As critics and watchers caught up with the rubric of these films, accusations of wanton misogyny and stylized gendered and sexual violence were levelled against the aesthetics employed by the genre. While the zombie could be anyone sluggish enough to get bitten (as with the vampire), special tortures are reserved for and unleashed upon the female victims. Particularly, fragile and aesthetically pleasing cis white women succumb to these monsters of the male imaginary. A bleak subversion emerged in the form of the Final Girl: the sole woman capable of escaping a raging slasher and bringing about his impending defeat. This figure, too, was fetishized and appropriated into misogynist sexual fantasies.

This genre of Body Horror, in recent years, has seen a rise in readership; prominently, a distinctly female one. However, to hand the woman a knife and hack men to pieces is not the path these authors (in most cases) choose to walk, in the name of vengeance. Theirs is a reaction radical to quite an extent, aiming for the roots of the major social phenomena sprouting around them. Whether it be the epidemic of Social Media Self Care, or the onslaught of the American state upon the bodily autonomy of women, the contemporary literary scene abounds with horrifying takes upon it. 

The first to come under attack is the Starvation Myth, which has led multitudes of women across time and place upon the path of disordered eating and unhealthy relationships with food. The patriarchal gaze normalizes the Skinny Girl as the paradigm of womanhood, while women vehemently try to squeeze and shove themselves into a mould not built by/for them in the first place. Speculative approaches to this range from cannibalistic maneaters (A Certain Hunger by Chelsea Summers) to dissociation from one’s human form (The Vegetarian by Han Kang). The relationship between food and women is reimagined in overblown scenarios, making the problem ridiculous yet difficult to ignore.

Do such takes seem redundant in the era of Body Positivity and social media shoving self-care down everyone’s throats? Suffice to know it takes more than a scented candle, or two. Mysteries like The White Lotus and Nine Perfect Strangers reveal the decadence of the rich and their empty, loitering lives, providing a glimpse into the coveted wellness retreats one comes across when looking up things to do on a weekend. There are women who take up jobs in beauty stores and end up losing their mind (Natural Beauty by Ling Ling Huang), while others hobnob with complicated surgical procedures, wearing the garbs of agency and choice (Aesthetica by Allie Rowbottom). The takeaway from all of this: self-care is more about what big corporations demand of you; always the moisturizer, never the person using it. 

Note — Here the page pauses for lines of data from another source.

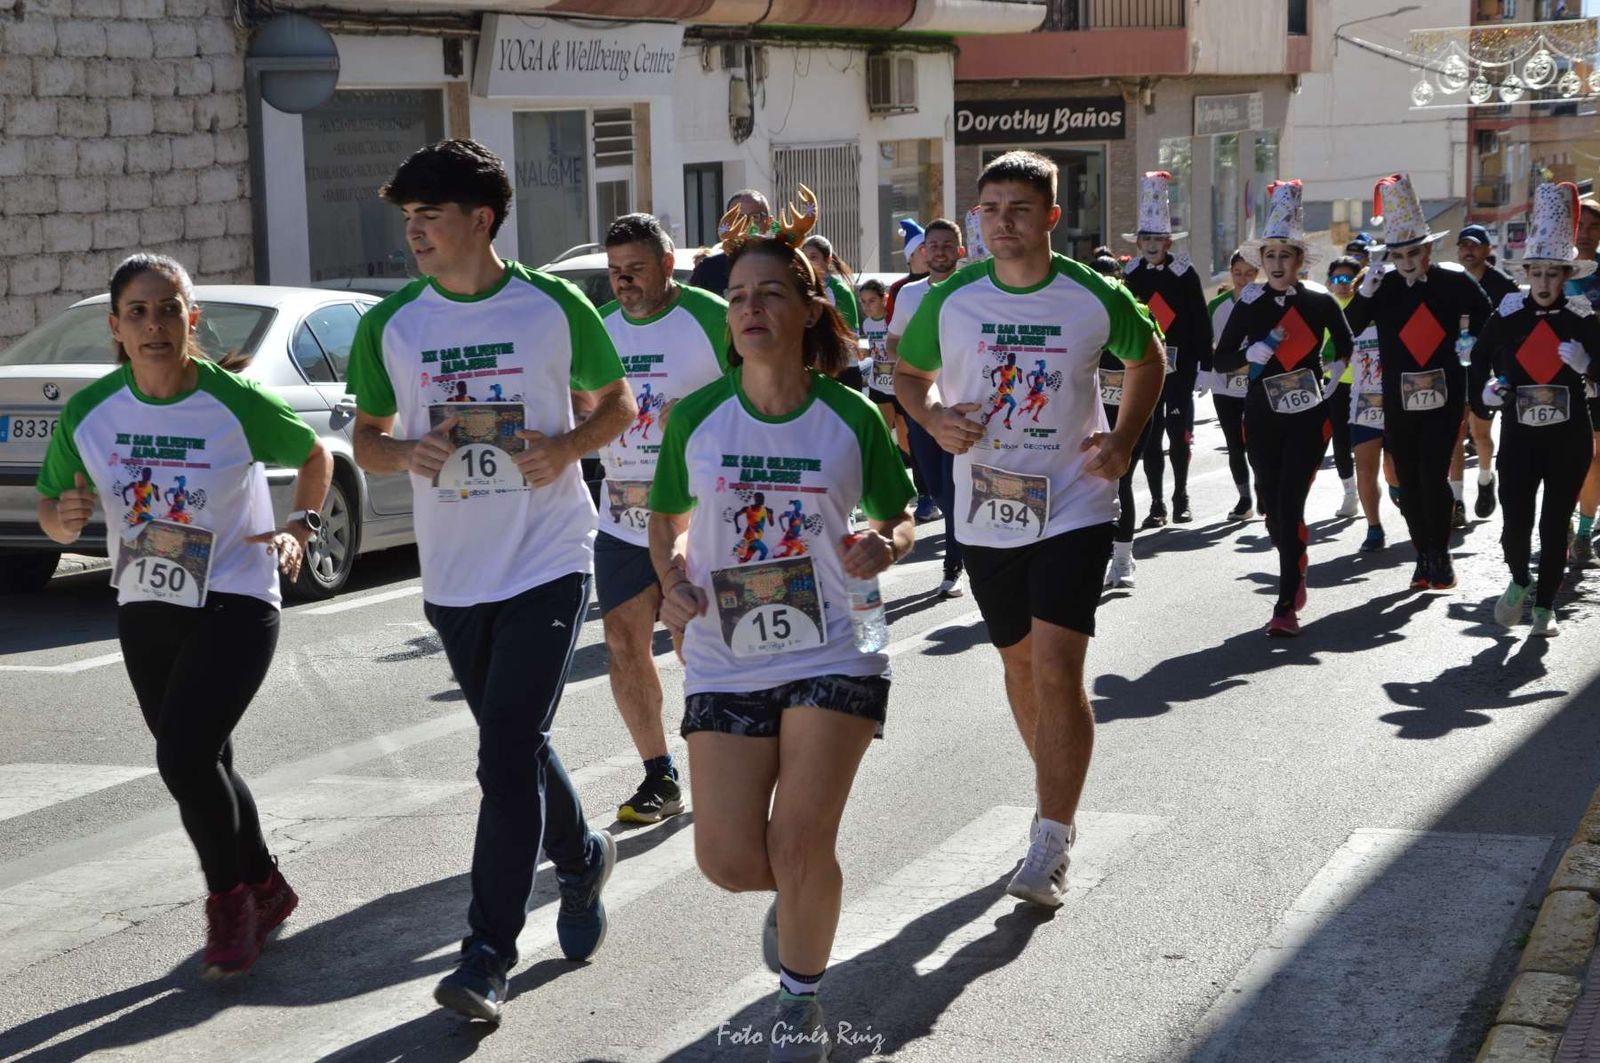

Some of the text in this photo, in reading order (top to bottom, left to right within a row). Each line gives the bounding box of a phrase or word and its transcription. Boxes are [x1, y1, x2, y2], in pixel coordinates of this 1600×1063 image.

[499, 39, 676, 81] YOGA & Wellbeing Centre
[957, 107, 1122, 135] Dorothy Baños
[998, 323, 1016, 335] SAN
[1282, 390, 1310, 410] 166
[1412, 390, 1436, 405] 171
[1529, 407, 1557, 422] 167
[461, 449, 497, 478] 16
[624, 510, 650, 528] 19
[987, 500, 1030, 528] 194
[135, 558, 186, 592] 150
[752, 609, 791, 641] 15

In times like these, when the individual navigates the world as an alien to her body due to the forces of capitalism and patriarchy, the state too appears as a contender. With the repeal of Roe vs. Wade in the USA in 2022, Margaret Atwood’s The Handmaid’s Tale was poised on the tips of tongues and pens alike. While motherhood was paraded as the ultimate lot of womankind, the genre took to exploring fraught relationships between mother and child. The tale of a mother who nurses her dead infant’s lung to life (Monstrilio by Gerardo Samano Cordova) may invoke grief and loss, but may also remind you of a Washington anti-abortion activist who collected foetal remains from across hospitals, storing them in her home. Another mother, in a metamorphosis worthy of Ovid, gradually transforms into a canine trying to keep up with the piling demands of her child (Nightbitch by Rachel Yoder). Motherhood remains a battlefield, freshly strewn with shrapnel.

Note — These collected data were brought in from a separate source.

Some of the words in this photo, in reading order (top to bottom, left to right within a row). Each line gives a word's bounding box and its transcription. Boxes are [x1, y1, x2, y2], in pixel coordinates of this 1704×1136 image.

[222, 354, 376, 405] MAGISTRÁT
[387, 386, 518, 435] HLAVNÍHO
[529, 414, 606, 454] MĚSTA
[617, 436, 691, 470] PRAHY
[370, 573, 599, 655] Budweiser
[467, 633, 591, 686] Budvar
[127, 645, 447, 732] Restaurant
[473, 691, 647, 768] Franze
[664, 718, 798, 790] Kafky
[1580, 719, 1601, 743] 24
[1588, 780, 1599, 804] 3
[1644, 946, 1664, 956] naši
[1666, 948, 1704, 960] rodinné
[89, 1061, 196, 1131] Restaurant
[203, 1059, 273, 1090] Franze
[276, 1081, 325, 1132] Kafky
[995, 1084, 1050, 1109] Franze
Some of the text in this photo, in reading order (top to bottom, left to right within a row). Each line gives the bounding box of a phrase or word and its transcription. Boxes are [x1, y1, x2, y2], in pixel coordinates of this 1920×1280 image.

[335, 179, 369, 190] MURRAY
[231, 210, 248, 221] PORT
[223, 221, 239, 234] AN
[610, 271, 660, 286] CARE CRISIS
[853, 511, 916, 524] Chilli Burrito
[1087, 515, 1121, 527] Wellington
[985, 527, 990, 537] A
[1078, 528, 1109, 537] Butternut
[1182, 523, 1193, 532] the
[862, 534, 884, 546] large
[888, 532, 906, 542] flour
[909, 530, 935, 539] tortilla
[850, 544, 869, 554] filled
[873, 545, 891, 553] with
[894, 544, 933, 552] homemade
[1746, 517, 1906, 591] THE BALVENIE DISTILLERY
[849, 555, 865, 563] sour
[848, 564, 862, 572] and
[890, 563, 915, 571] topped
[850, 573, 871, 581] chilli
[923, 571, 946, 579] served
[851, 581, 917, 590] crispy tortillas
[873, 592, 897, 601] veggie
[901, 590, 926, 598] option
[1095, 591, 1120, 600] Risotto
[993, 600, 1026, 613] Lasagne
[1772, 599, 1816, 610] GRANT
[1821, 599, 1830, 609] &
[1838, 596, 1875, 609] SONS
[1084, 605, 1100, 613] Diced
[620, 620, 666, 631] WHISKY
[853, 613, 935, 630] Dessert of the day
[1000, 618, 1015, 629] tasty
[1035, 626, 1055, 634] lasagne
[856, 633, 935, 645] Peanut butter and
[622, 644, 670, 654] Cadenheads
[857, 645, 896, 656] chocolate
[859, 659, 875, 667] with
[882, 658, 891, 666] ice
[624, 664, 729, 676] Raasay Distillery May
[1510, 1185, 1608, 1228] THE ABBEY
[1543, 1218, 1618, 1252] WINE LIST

Our times call for such scathing images and jarring scenes to jolt us back to our society. Relationships between women and their bodies have always remained complicated by oppressive mediation, as Simone de Beauvoir had sharply observed. With newer mediators coming into play, one requires newer ways to talk about it. Body Horror as a genre addresses the pressing needs of women grappling with motherhood, social media, beauty, capitalism, work and a spectrum of other issues. One should not then hesitate to have one of these paperbacks on the nightstand, alongside their jade rollers, or sheet masks.